• Directions for this task
Through the end of the data below, output every line exactly, beginning with the line that contains "Some of the words".

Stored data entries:
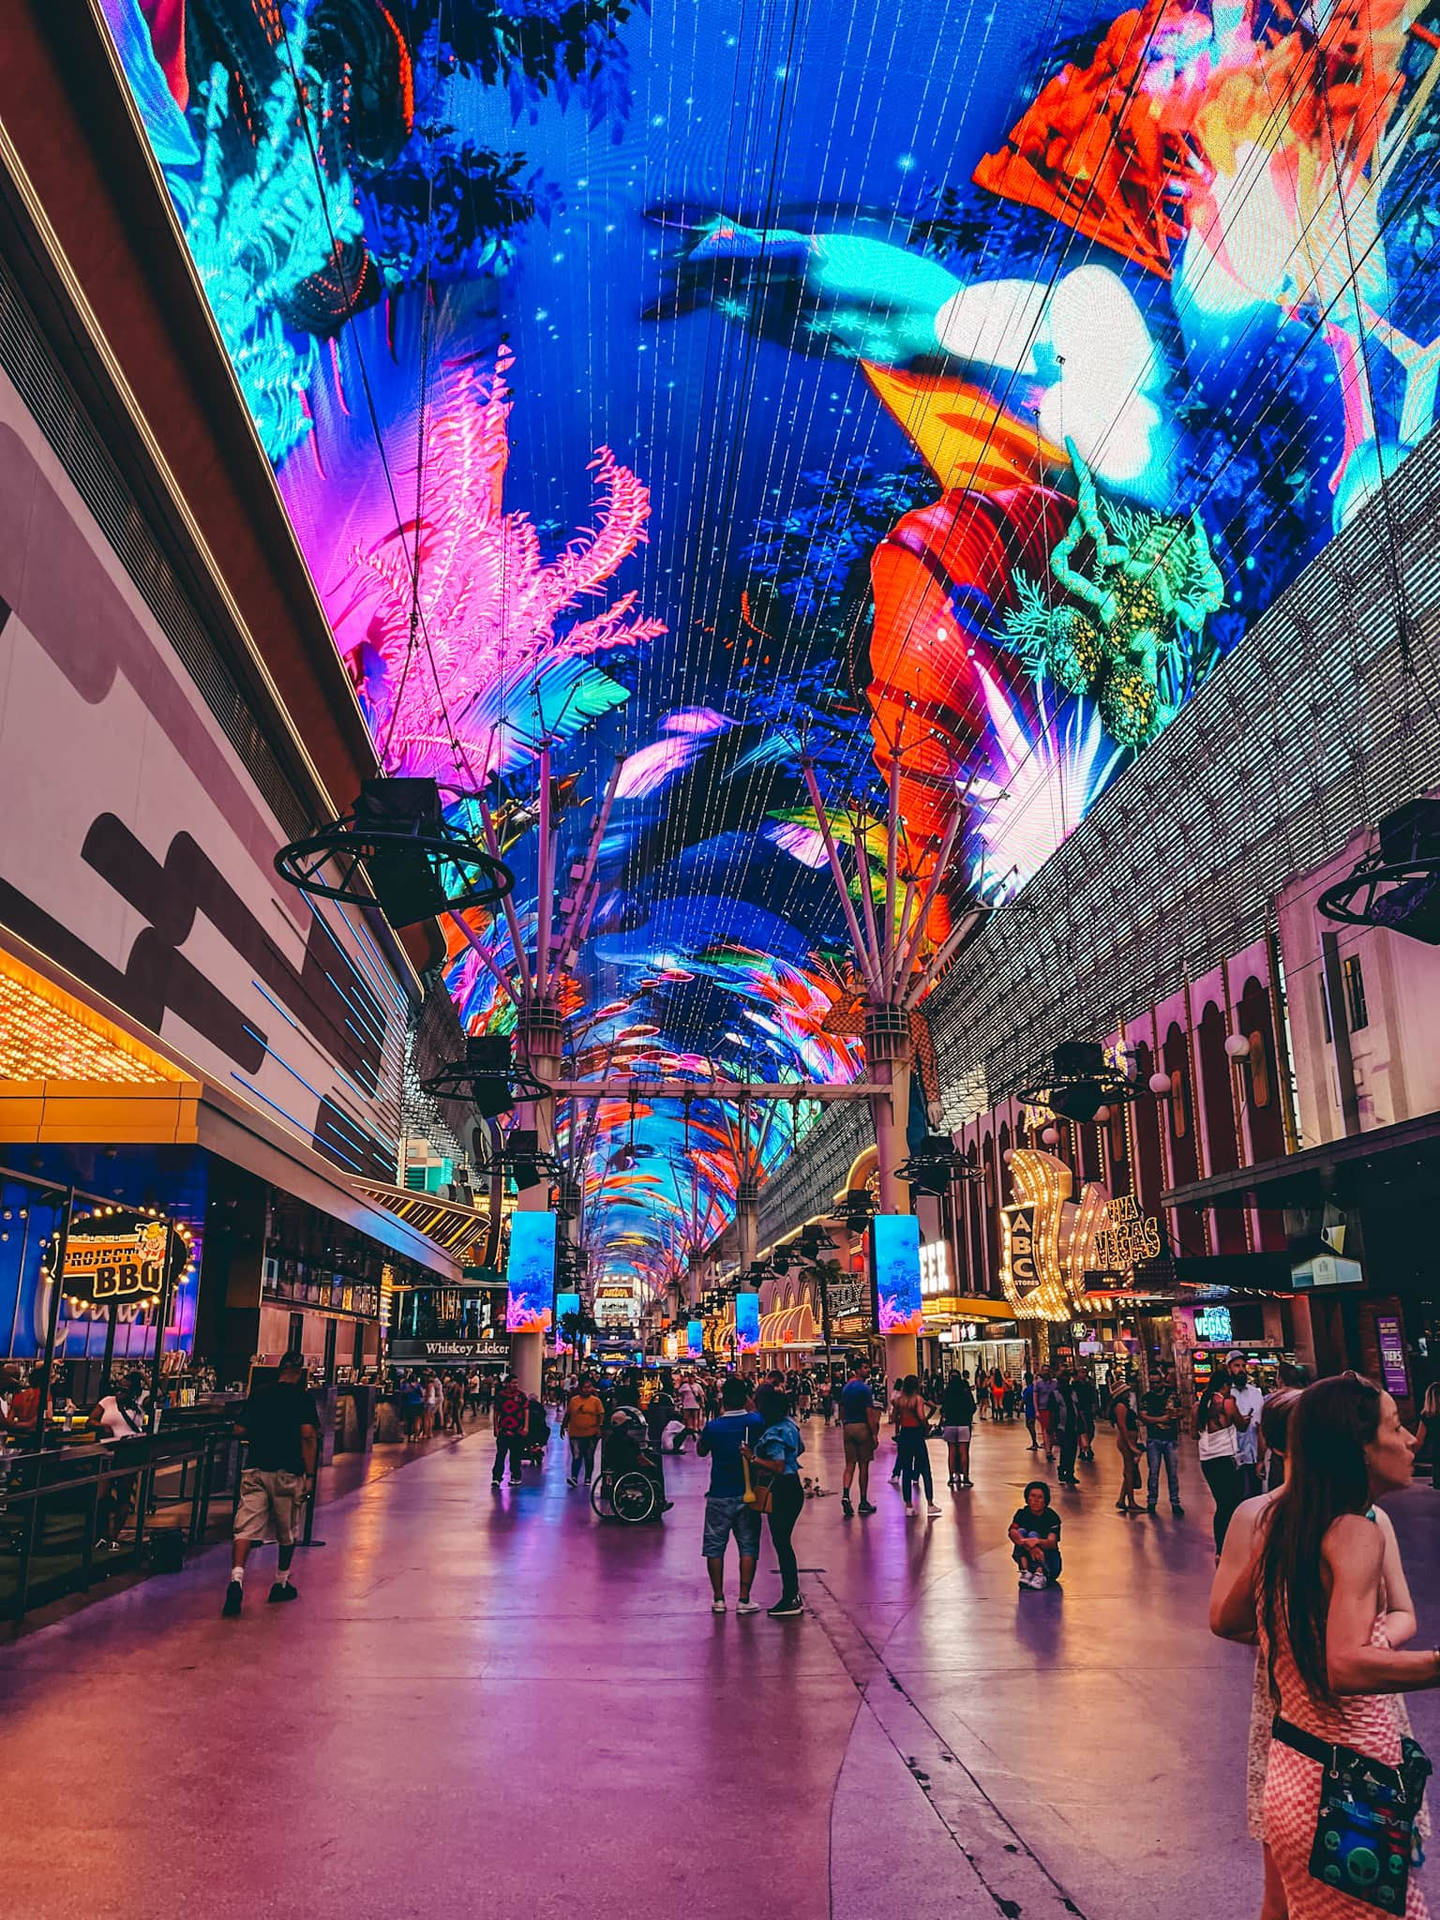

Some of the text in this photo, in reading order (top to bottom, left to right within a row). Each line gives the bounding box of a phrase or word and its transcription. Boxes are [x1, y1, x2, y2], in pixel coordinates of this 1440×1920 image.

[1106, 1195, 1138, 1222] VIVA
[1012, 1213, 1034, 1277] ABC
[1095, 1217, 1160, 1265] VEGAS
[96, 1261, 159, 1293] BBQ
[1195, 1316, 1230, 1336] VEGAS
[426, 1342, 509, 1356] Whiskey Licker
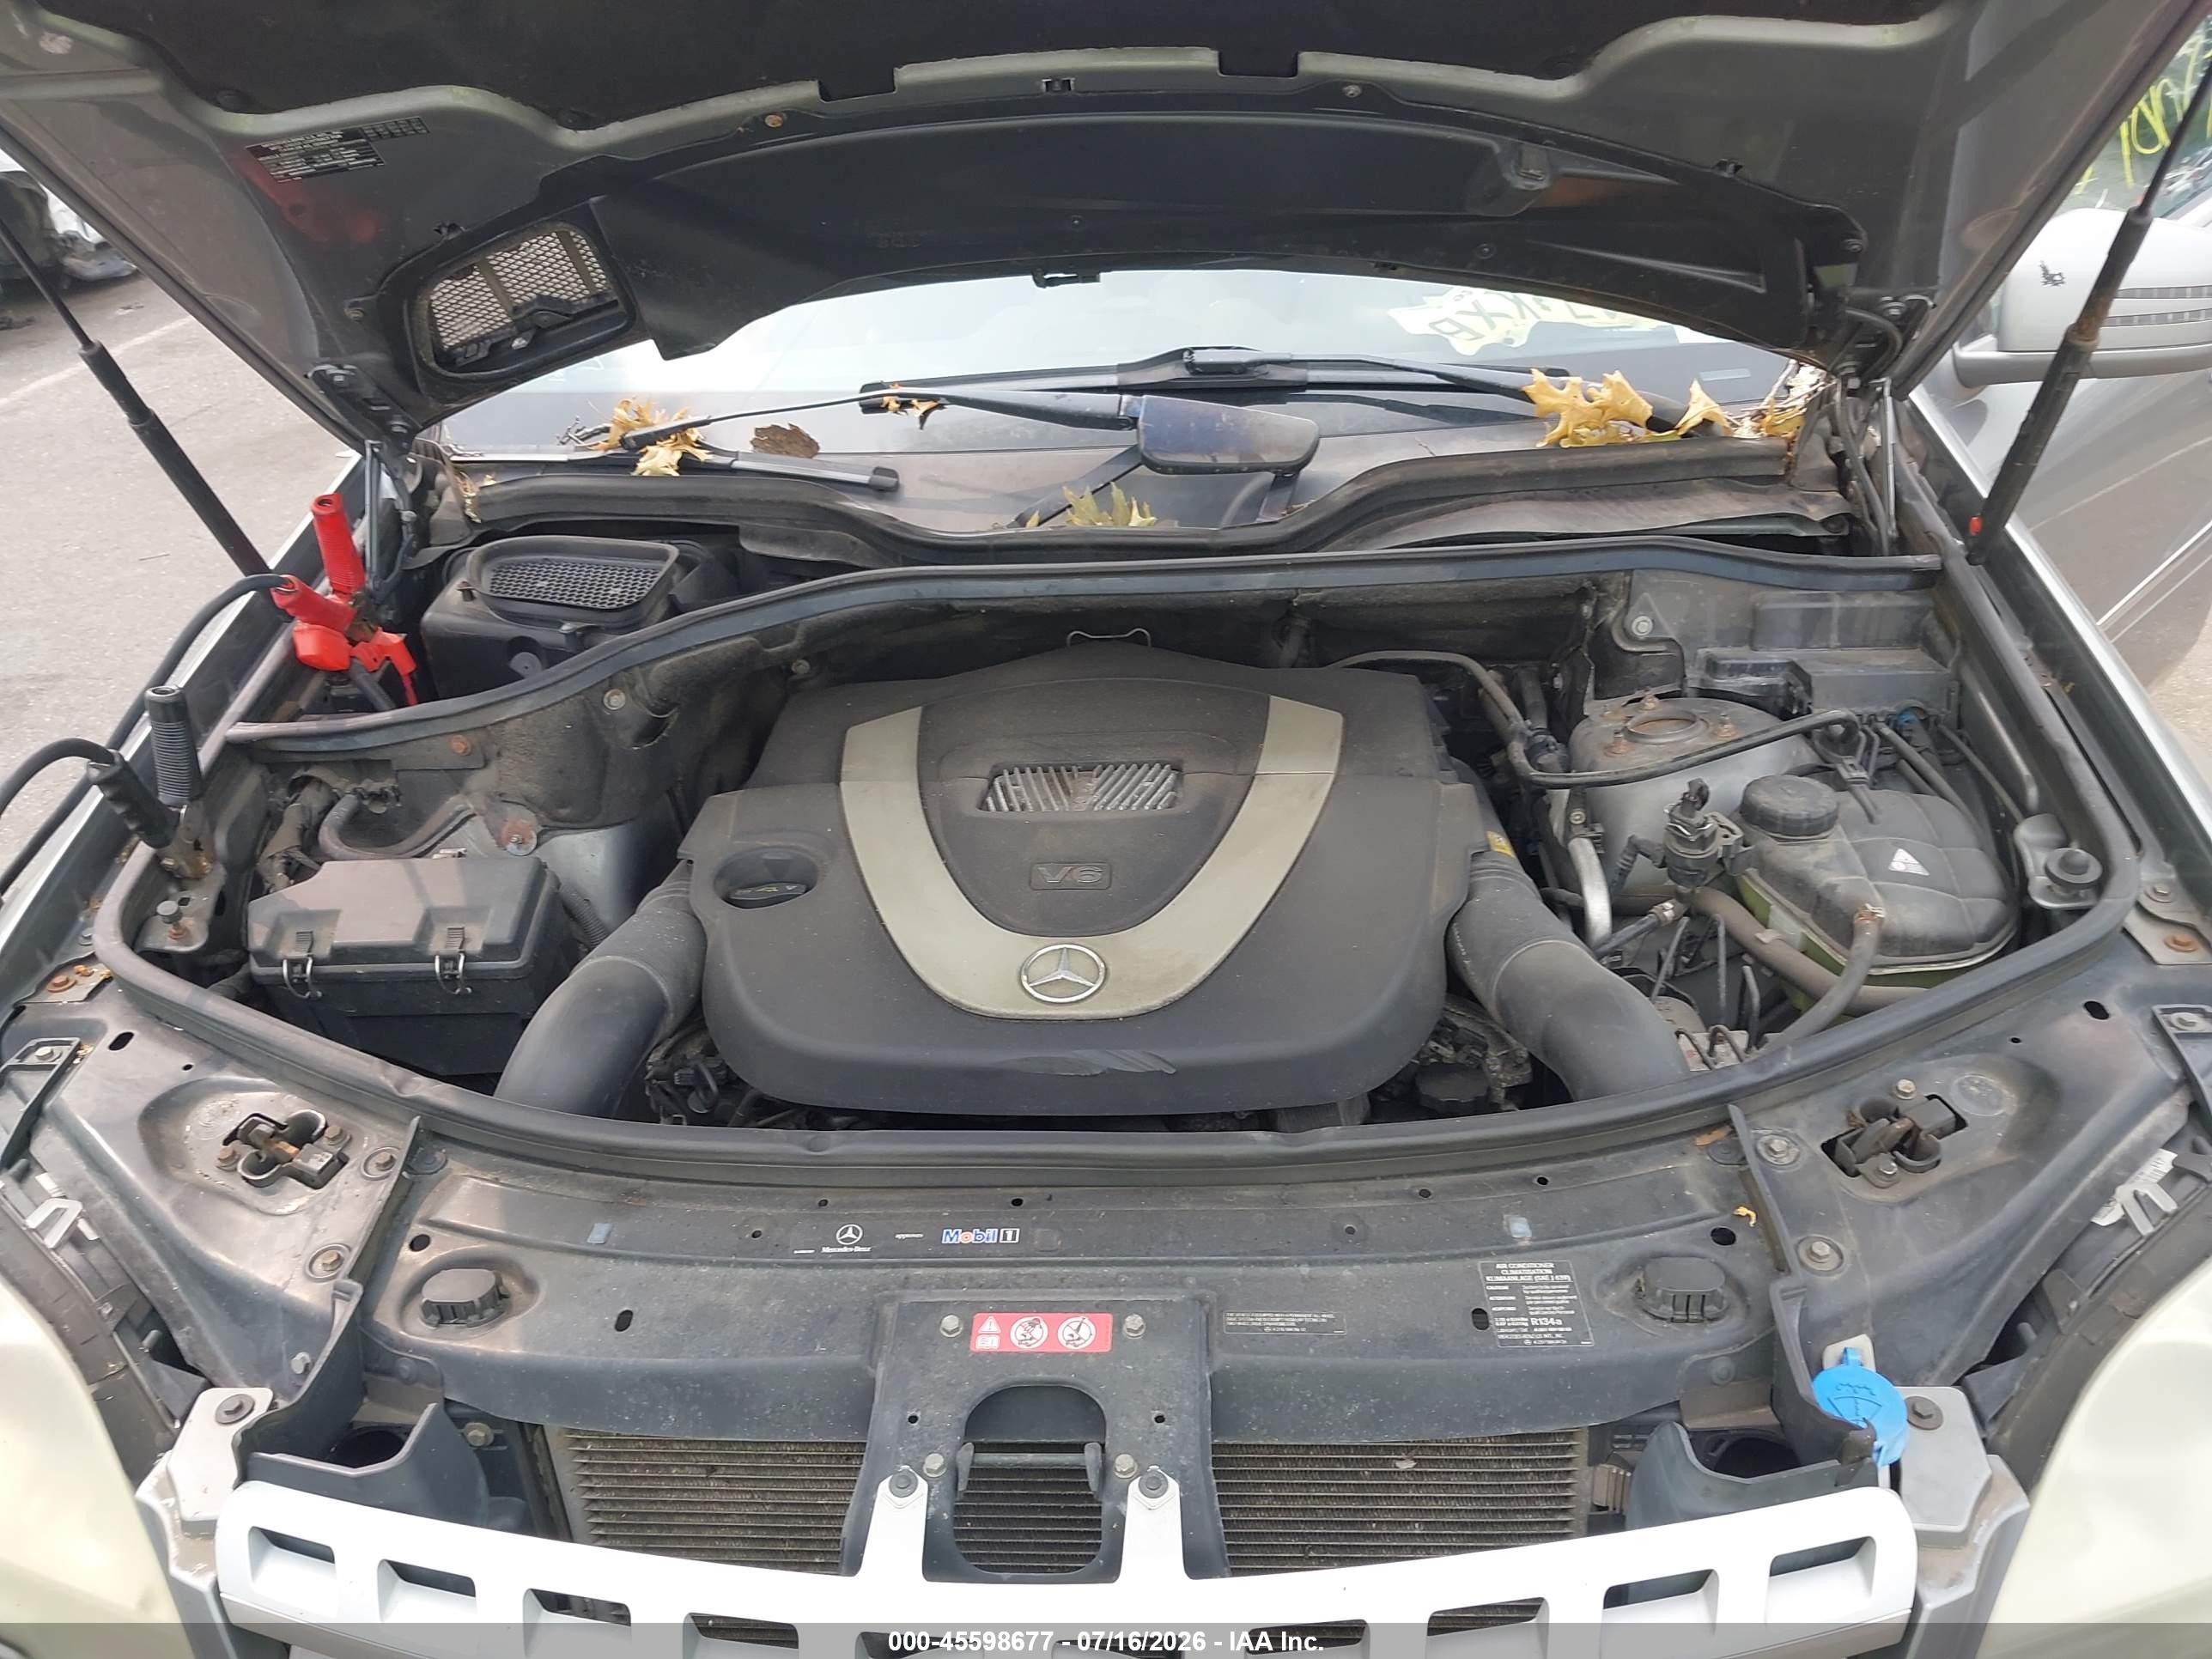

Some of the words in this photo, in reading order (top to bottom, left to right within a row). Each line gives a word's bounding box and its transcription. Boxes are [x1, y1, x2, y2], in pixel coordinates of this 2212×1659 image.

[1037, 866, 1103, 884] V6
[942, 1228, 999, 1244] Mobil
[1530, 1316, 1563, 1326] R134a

• Answer area
Some of the words in this photo, in reading order (top to bottom, left to right within a row). Each line gives a word's bounding box and its transcription. Boxes are [x1, y1, x2, y2], in pixel coordinates of this 2212×1659 image.

[1037, 866, 1103, 884] V6
[942, 1228, 999, 1244] Mobil
[1530, 1316, 1563, 1326] R134a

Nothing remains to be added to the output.